Look, I admit it: I live inside a bubble on a tropical island where pretty much everyone I hang out with is like me. Nothing wrong with that until we start thinking that what “we” think about the old days is the only way to think.
A bunch of us wish it were 1975, when our memories about the old days tell us Key West was the real deal. I hear that one a lot and its variations ripple through the island’s social media and Key West conversations with a longing that can make us sound, well, like old people. I wasn’t here then; maybe it was all that.
Key West over its decades probably was all that for a few people. Ernest Hemingway, Tennessee Williams, Jimmy Buffett and their circles of influence, for sure. Definitely for the predominantly white 20-somethings with the wherewithal to drop out at the end of the road after college.

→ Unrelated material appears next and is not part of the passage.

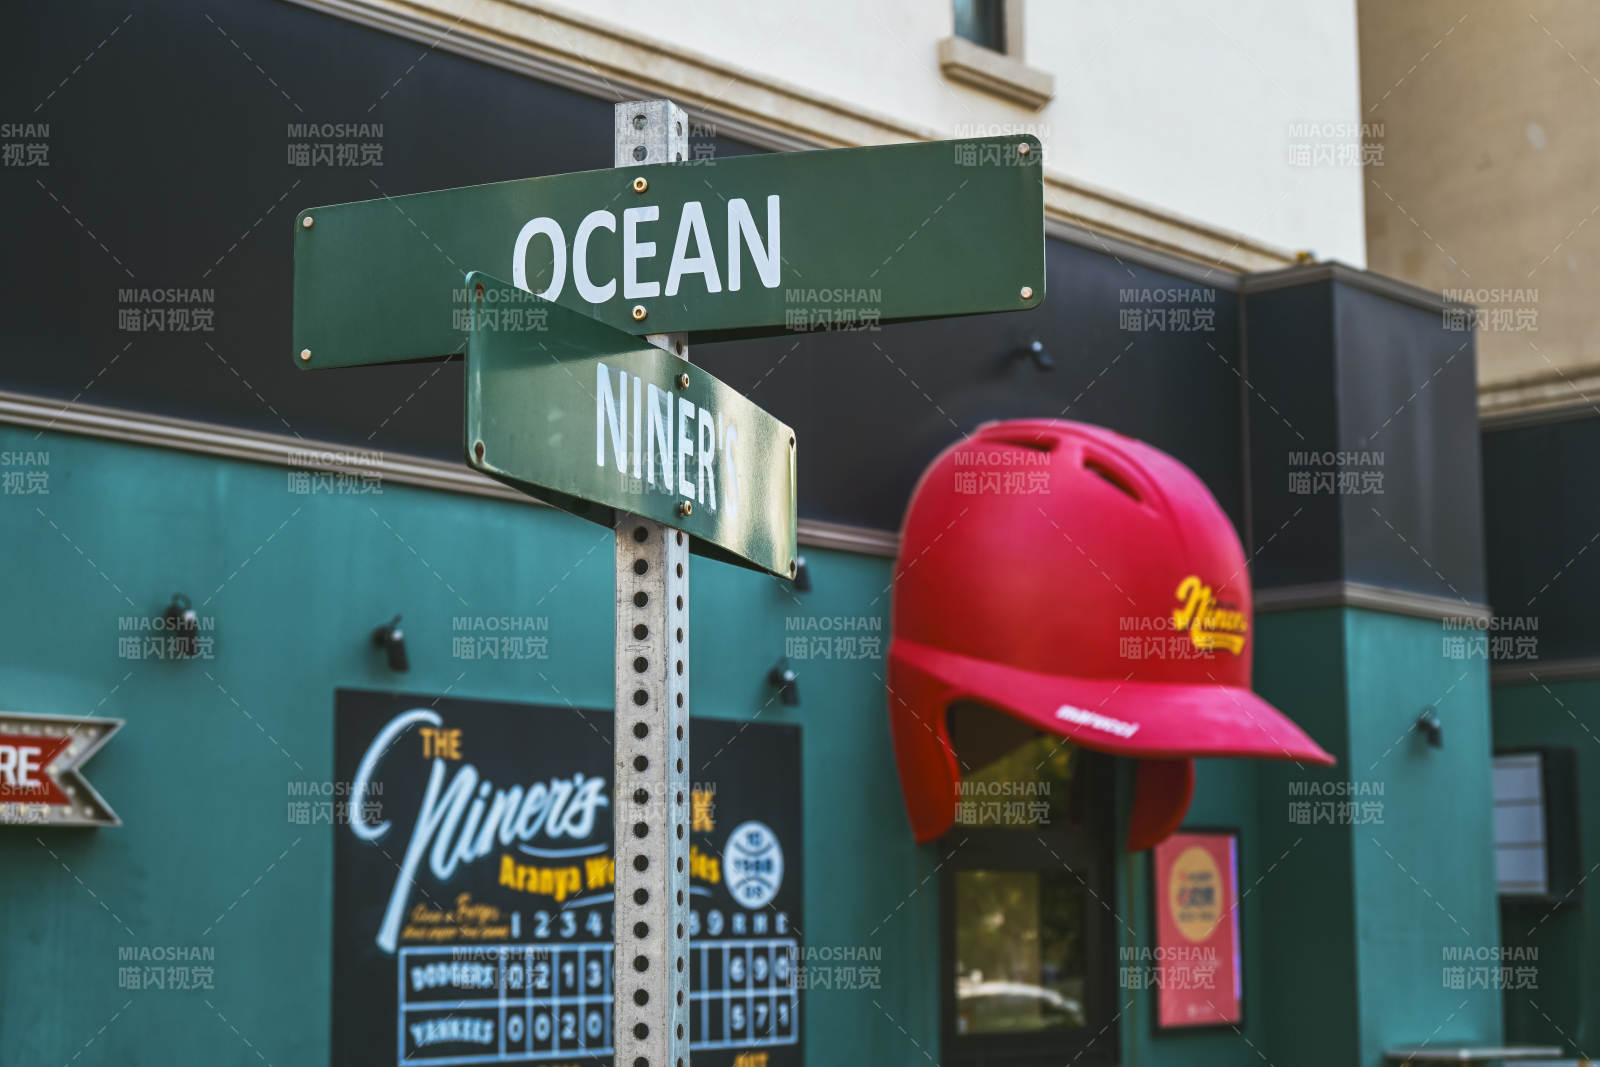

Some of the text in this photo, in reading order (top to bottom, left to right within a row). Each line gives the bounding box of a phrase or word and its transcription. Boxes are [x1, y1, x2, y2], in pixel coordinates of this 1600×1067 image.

It sure wasn’t all that for residents who struggled to pay bills and raise families in the devastated Key West economy after the Navy pulled out or the Depression clobbered the island. I’m willing to bet a paycheck that Key West’s long-time locals happily took the out-of-town cash at the bar and rolled their eyes when those off-islanders wandered back out on the street.
The island capitalized on those outsider stories to create the mythology that drew mostly white baby boomers to move to or retire in Key West. We share values, interests, memories and the headlines that sprawl from the middle of the 20th century into the first quarter of the 21st century.
Every generation remembers its old days
Most of us were born between 1946 and 1964. We arrived in Key West between the mid-70s and, oh, say, the late 2010s. That’s why Key West conversations can be the very definition of echo chamber. Except for our politics, we’re probably more like The Villages than we’d ever admit.
As a generational cohort, boomers are rigid, righteous and reactionary. Rigid because we really want things to stay just as we think we remember them. Righteous because we believe we are right and can’t understand how others could disagree. And, reactionary because when things don’t go our ways, we tend to burn ’em down.
What leads ultimately to a healthy kind of nostalgia is the one where the positive pro-social aspects of nostalgia can reconnect us now. Not just to people in our past but to the people we’re dealing with today. That is possible, that can happen. All the memoirs that I’ve studied, have demonstrated how that happens. It happens by confronting the past with the current situation in trying to find what were the lessons we learned from our past that we can now tweak, update, customize and use to cope with the turmoil and the conflict in the change that we’ve gone through to sort of be more optimistic towards the future.
Kristine Batcho, PhD
Baby boomers have done that since we were teenagers protesting the Vietnam War, big business, big government and big education. We kept right on burning things down on Jan. 6, 2021. I’m not surprised so many of those who stormed the U.S. Capitol that day were in their mid-50s and older. They’re the trailing end of the generation. Different people; different cause; but same rigid, righteous, reactionary generation burning down things they don’t like.
I’m prone to a bit of intentional flame throwing and chain yanking on occasion. It’s not my finest trait, I’ll admit. So over the weekend I tossed this out at a Key West gathering: “I love tourists,” I said. “I love them because they love being here and they love Key West as much as we do.”
Holy peanut butter on a cracker. There was a moment of silence. Then a ripple of disapproving groans. Folks were too polite to burn me down, but I sure wasn’t the popular girl.
Yet, it’s true. I do love the tourists; at least I love the ones who love us back and that’s most of them. I love living in a place that people dream about and would do most anything to share a piece of.
In September 2017, when I launched the Hurricane Irma Key West Facebook page and website, I was unprepared for the world-wide love — no other word for it — for Key West. Over six weeks, we reached more than a million people. Even the ones for whom a visit was an impossibility loved the island.
My friends, we live in a place we should share. That doesn’t mean we fail to protect our fragile environment or turn ourselves into a playground for the disconnected wealthy. It does mean, at least for me, that we stop longing for the old days. It means we listen to those whose voices aren’t trapped inside our echo chamber. It means we look forward to possibilities.
It means we stop acting like old people.
One of the things I love about Key West…tourists are always happy. There is a vibe that resonates with them. They are on vacation and having a good time. Well, pick me up with that vibe and take me with you.
Been loving Key Weird since 1978 no matter the iterations
This resonates in so many ways!
Thank you, Miss Laura!
Right now is someone’s “good old days”.
Indeed.
I loved this article. Thank you for writing it!
Thanks for reading along with me, Joe.